February 17, 2013
This week, a flat-footed and unfunny comment on sustainability. My apologies to anyone who came here for respite or relief.
The thought that you can ruin a farm is old, and the idea that we’ve set off on a path that leads nowhere in our general approach to farming has been sounded loudly since the 1970s. In the 80s, a key report introduced the idea of sustainable development. Sustainability became a buzzword, but for a good decade and a half, most people who heard the word suspected that people who thought they knew what they were talking about when they used it were suffering from some kind of delusion. When I came to MSU in 2003, there was a general reluctance to associate any idea or program with the idea of sustainability. Then as if by magic, everything changed. Sustainability was on everyone’s lips.
What happened? Answering that would be long and too boring even for me. But one thing that happened was that lots of people keyed in on the idea that there was money to be made by looking for ways to use natural resources more efficiently. And another thing that happened—this one more miraculous than the first—is that it became acceptable to question the justice and fairness of certain economic arrangements when sustainability was on the table. These two developments meant that science and technology types long focused on efficiency could break bread with social change types advocating for fairness and justice. Within limits, organizations like massive international corporations and local city governments showed themselves willing to participate in this sustainability conversation.

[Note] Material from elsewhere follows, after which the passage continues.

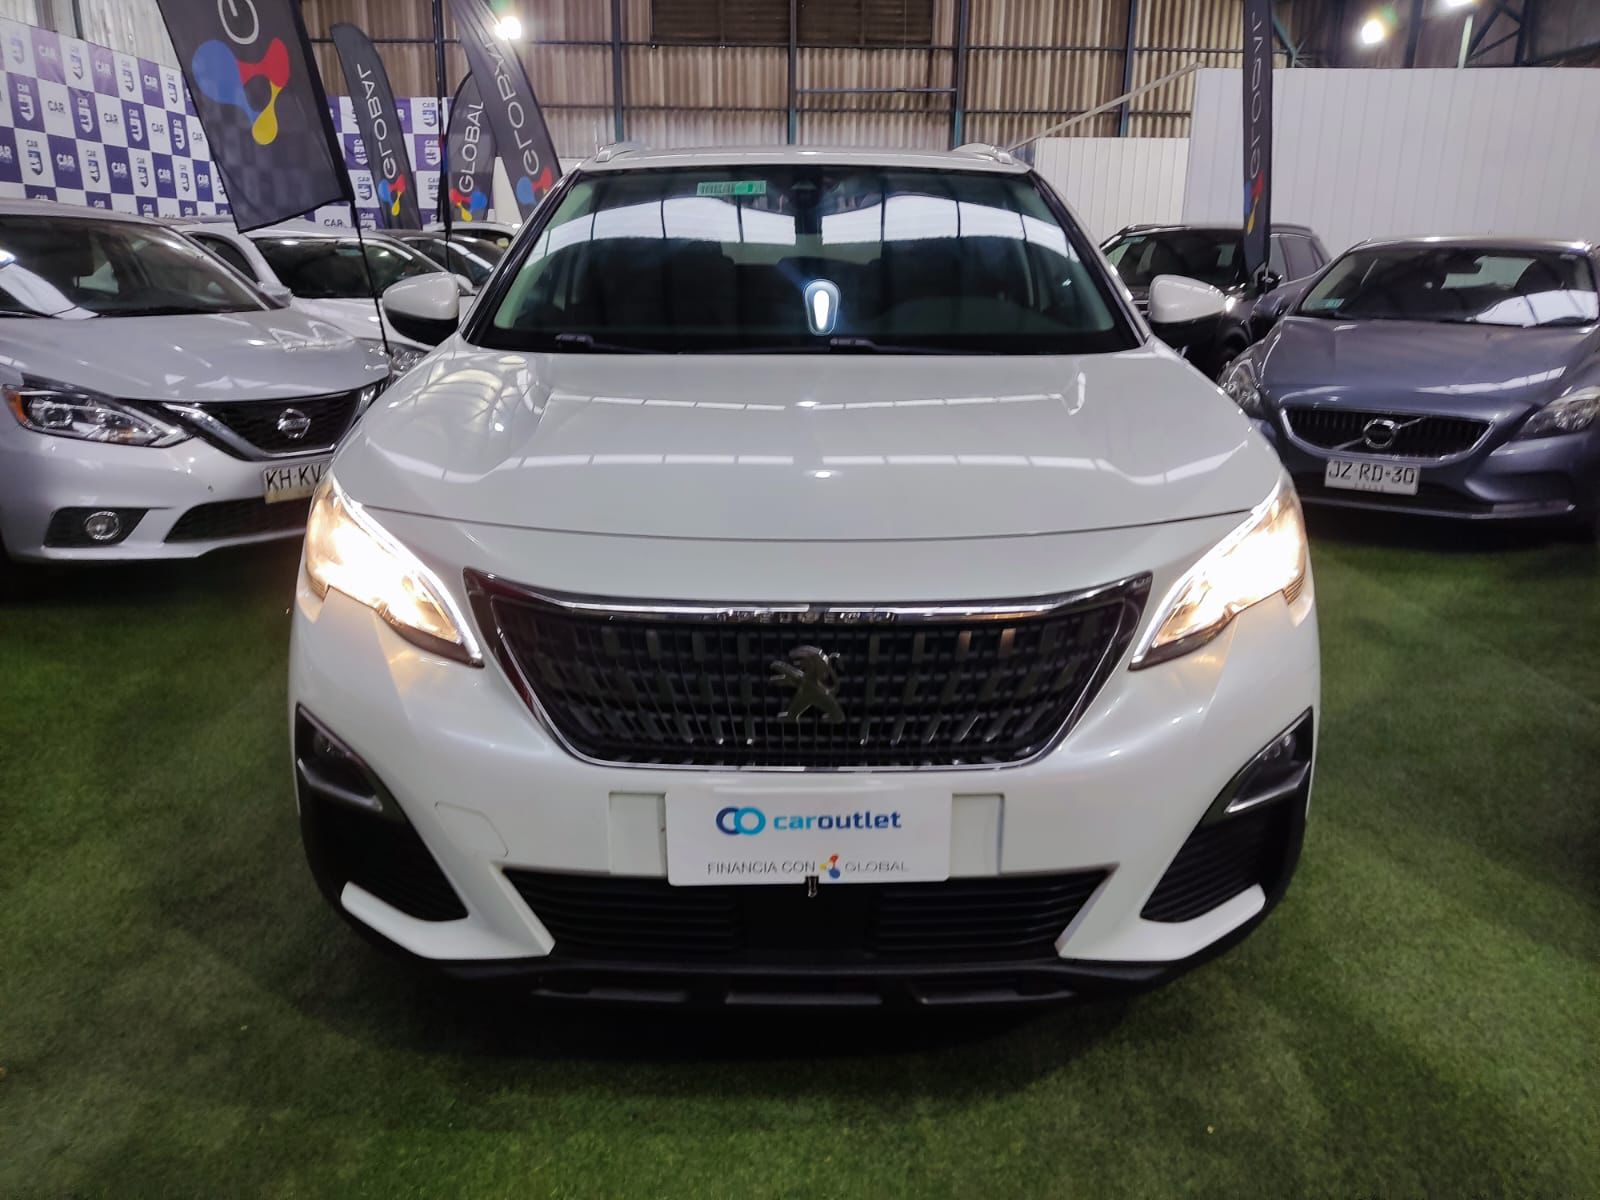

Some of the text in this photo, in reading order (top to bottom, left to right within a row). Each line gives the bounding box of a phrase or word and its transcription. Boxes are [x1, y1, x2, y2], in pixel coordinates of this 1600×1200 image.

If these new efficiency gains could be distributed fairly, that would be sustainable. Let’s go for it!
Except that as people began to think more carefully about the way that economic activity and social change occur within a broader environment—what our ancestors called “nature”—they started to understand how both can threaten ecosystems. Many people on the forefront of this learning curve are now ready to move beyond sustainability. They are itching to embrace resilience. I understand this. If you thought that sustainability was all about “having enough”, it was natural for you to think that finding ways to get what you want by using less would be a good thing. And it was not that difficult to link your desire for “enough” to a big ethical question: Enough for whom? When that question is on the table, you are talking pretty straight-up social justice, and it’s not that hard to see that future generations are part of the story, as well. But now you’ve figured out that this problem is actually a little more complicated than that. If you break the underlying natural system that produces a flow of resources—water to drink, fish to eat, soils to grow in, stable weather (this list gets very long)—well, you’re screwed. It’s time to rethink this puzzle.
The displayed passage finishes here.